(Study material Opens)
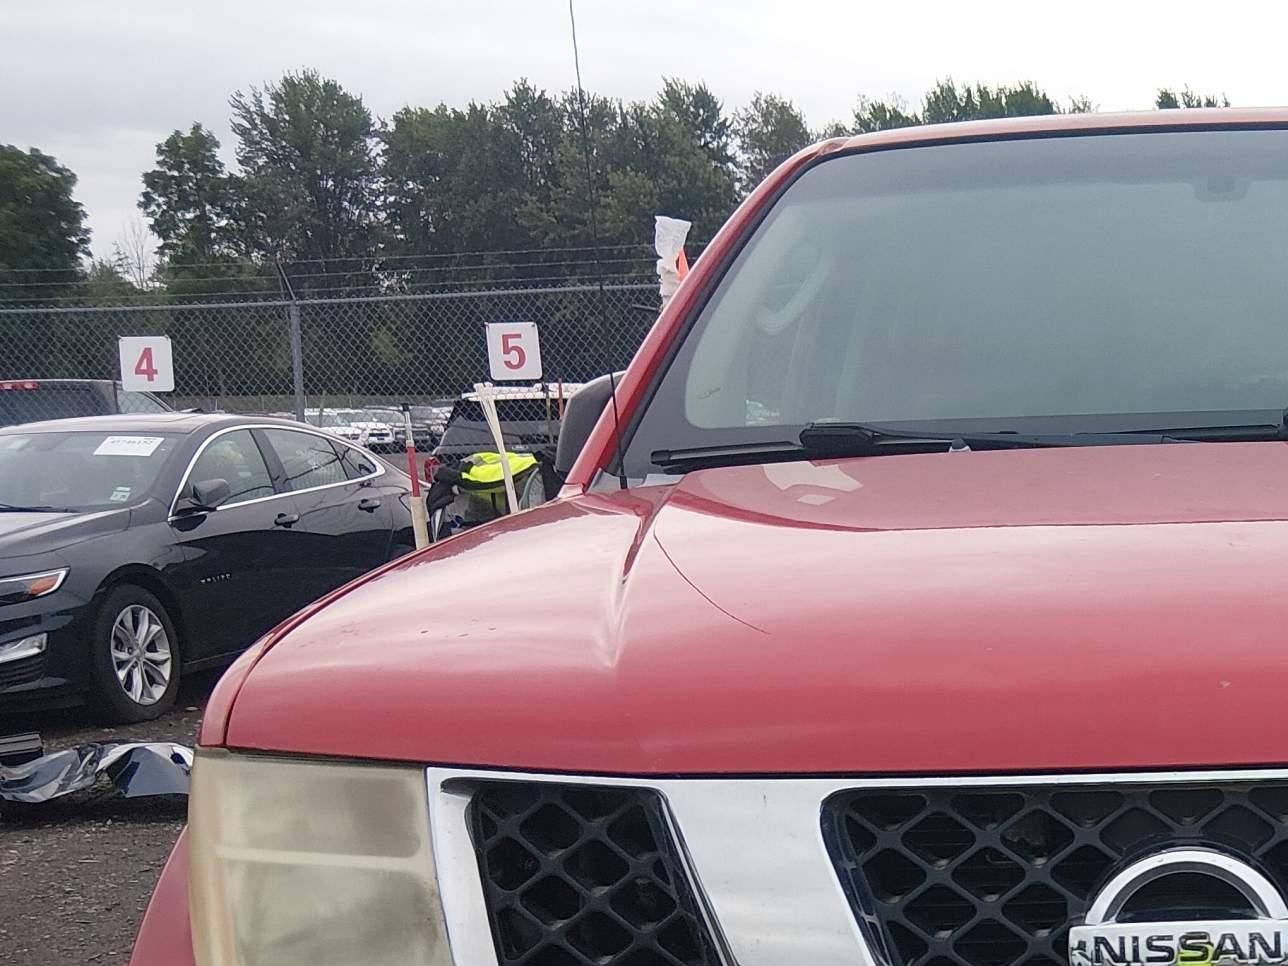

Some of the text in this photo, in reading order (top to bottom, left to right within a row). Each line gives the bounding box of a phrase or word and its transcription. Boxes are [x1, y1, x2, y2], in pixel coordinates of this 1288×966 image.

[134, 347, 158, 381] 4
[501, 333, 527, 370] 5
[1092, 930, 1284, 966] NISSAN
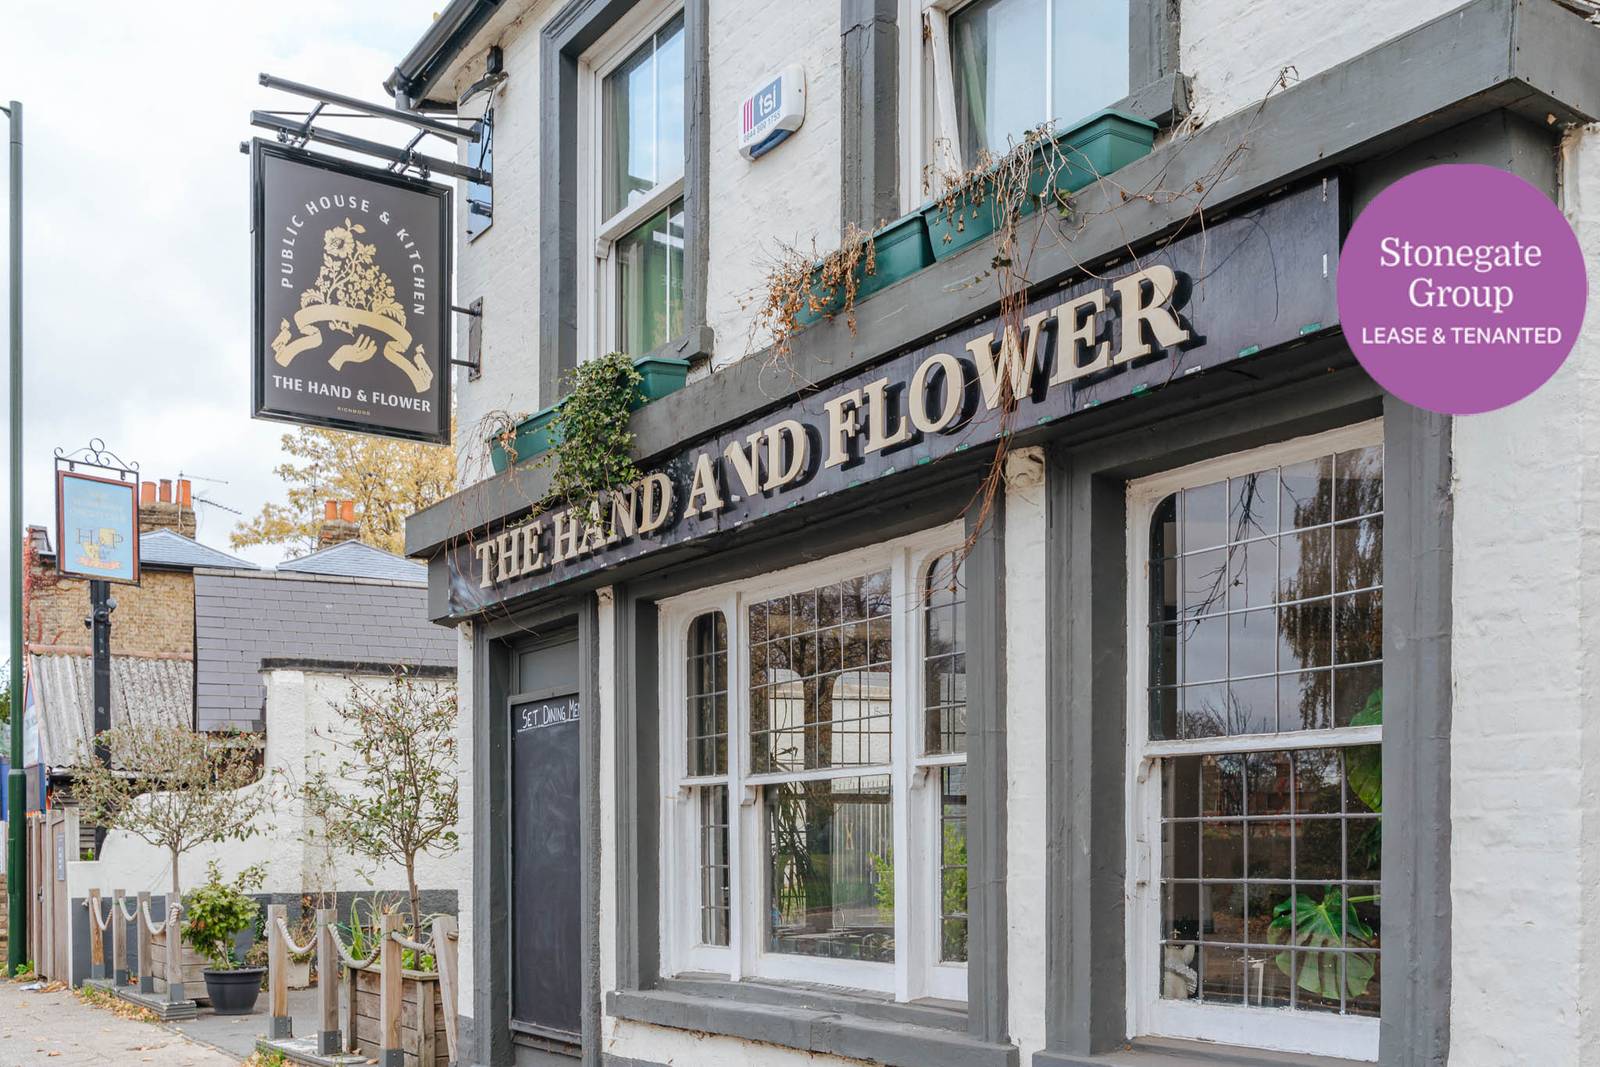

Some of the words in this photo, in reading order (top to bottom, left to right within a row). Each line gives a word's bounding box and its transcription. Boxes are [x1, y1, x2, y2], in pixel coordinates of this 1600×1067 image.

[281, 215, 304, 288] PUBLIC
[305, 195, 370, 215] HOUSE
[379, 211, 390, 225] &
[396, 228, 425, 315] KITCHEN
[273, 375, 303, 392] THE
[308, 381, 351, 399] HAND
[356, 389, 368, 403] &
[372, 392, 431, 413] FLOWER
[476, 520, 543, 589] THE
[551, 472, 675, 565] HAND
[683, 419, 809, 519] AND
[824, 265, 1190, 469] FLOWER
(Study material Closes)
__Task description__: Reproduce the whole of the data, word for word, and omit its pictures.

__Result of this task__:
Some of the text in this photo, in reading order (top to bottom, left to right within a row). Each line gives the bounding box of a phrase or word and its transcription. Boxes are [x1, y1, x2, y2], in pixel coordinates of this 1288×966 image.

[134, 347, 158, 381] 4
[501, 333, 527, 370] 5
[1092, 930, 1284, 966] NISSAN

Some of the words in this photo, in reading order (top to bottom, left to right within a row). Each line gives a word's bounding box and its transcription. Boxes are [x1, y1, x2, y2], in pixel coordinates of this 1600×1067 image.

[281, 215, 304, 288] PUBLIC
[305, 195, 370, 215] HOUSE
[379, 211, 390, 225] &
[396, 228, 425, 315] KITCHEN
[273, 375, 303, 392] THE
[308, 381, 351, 399] HAND
[356, 389, 368, 403] &
[372, 392, 431, 413] FLOWER
[476, 520, 543, 589] THE
[551, 472, 675, 565] HAND
[683, 419, 809, 519] AND
[824, 265, 1190, 469] FLOWER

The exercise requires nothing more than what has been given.